Bien entendu, nous ne pouvons manquer de parler des choses qui fâchent : s'agissant de la taxe sur la valeur ajoutée ou des taxes sur le tabac ou les produits pétroliers, il n'existe pas, évidemment, beaucoup de marges de réduction.
Nous pouvons tout à fait comprendre, monsieur le rapporteur général, cette position de principe.
M. Philippe Marini, rapporteur général. Je n'en suis pas sûr !
Mme Marie-Claude Beaudeau. Elle est la vôtre depuis longtemps. Elle illustre, une fois de plus, la nature profonde de vos conceptions en matière d'égalité fiscale.
Voilà pourquoi, bien entendu - ce n'est pas une surprise - nous ne voterons pas l'amendement n° I-5.
M. Christian Sautter, secrétaire d'Etat. Je demande la parole.
M. le président. La parole est à M. le secrétaire d'Etat.
M. Christian Sautter, secrétaire d'Etat. J'ai prêté à M. le rapporteur général des intentions qu'il n'avait pas.
M. Philippe Marini, rapporteur général. Ah !
M. Christian Sautter, secrétaire d'Etat. J'ai en effet compris qu'il était favorable à la tranche de 1,8 % pour les patrimoines supérieurs à 100 millions de francs.
Si le Gouvernement s'oppose à l'amendement, c'est parce que l'indexation proposée lui ferait perdre des recettes, ce qu'il ne souhaite pas.
M. Yves Fréville. Je demande la parole pour explication de vote.
M. le président. La parole est à M. Fréville.
M. Yves Fréville. M. le secrétaire d'Etat vient, en fait, de répondre à la question que je voulais poser.
Quand je ne comprends pas quelque chose, je le dis ; j'ai effectivement constaté que, pour ce qui est de la tranche supérieure à 100 millions de francs, il y avait identité à la lettre du projet gouvernemental et de l'amendement présenté par notre rapporteur général.
M. le président. Personne ne demande plus la parole ?...
Je mets aux voix l'amendement n° I-5, repoussé par le Gouvernement.
Je suis saisi d'une demande de scrutin public émanant de la commission des finances.
Il va être procédé au scrutin dans les conditions réglementaires.

(Le scrutin a lieu.)
M. le président.
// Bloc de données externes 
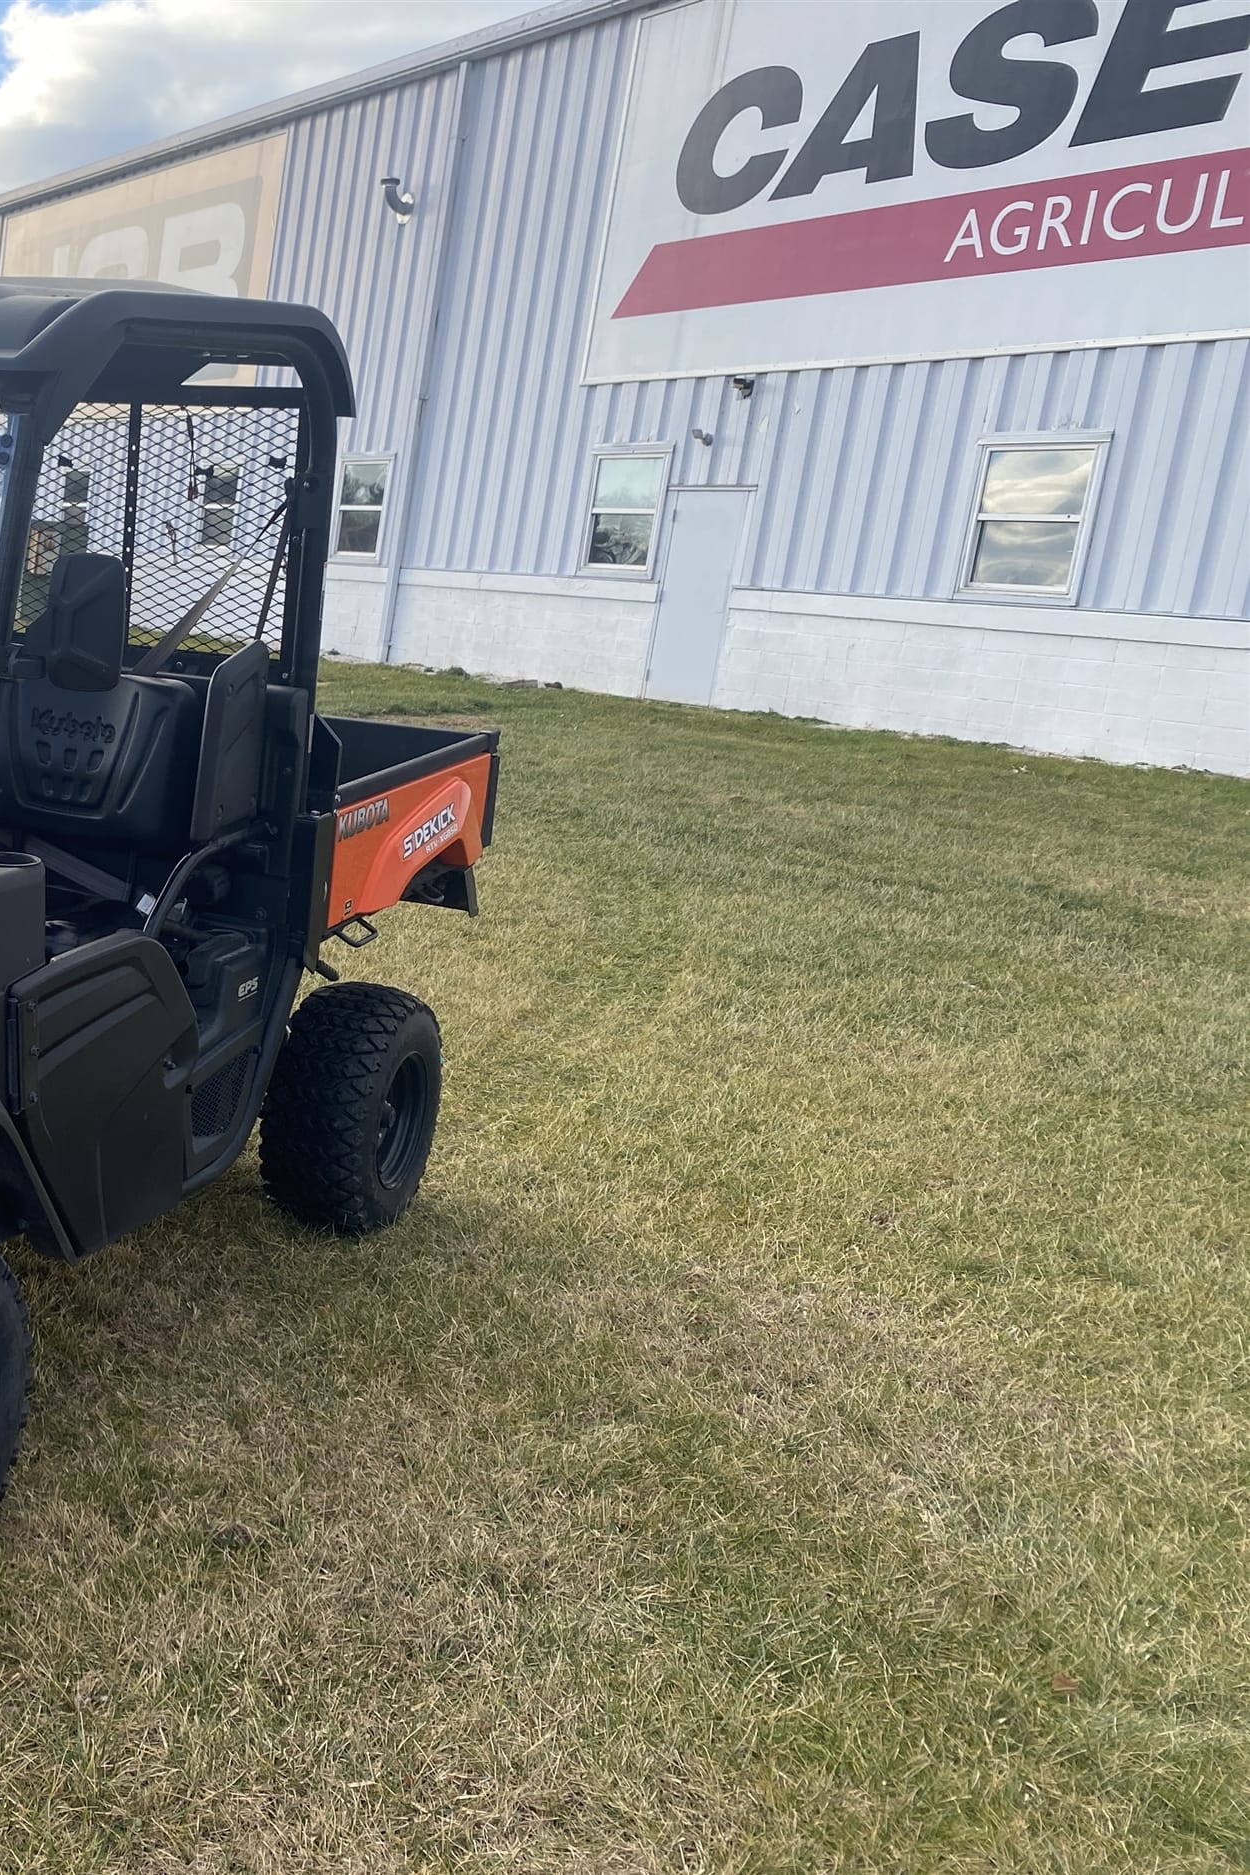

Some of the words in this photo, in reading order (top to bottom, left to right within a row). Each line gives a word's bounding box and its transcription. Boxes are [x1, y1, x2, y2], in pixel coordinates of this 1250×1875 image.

[676, 0, 1250, 215] CASE
[338, 797, 390, 842] KUBOTA
[403, 802, 456, 859] SIDEKICK
[238, 975, 259, 998] EPS
Personne ne demande plus à voter ?...
Le scrutin est clos.

(Il est procédé au comptage des votes.) M. le président. Voici le résultat du dépouillement du scrutin n° 9:

Nombre de votants 318
Nombre de suffrages exprimés 316
Majorité absolue des suffrages 159
Pour l'adoption 218
Contre 98

M. le président. Personne ne demande la parole ?...
Je mets aux voix l'article 8, ainsi modifié.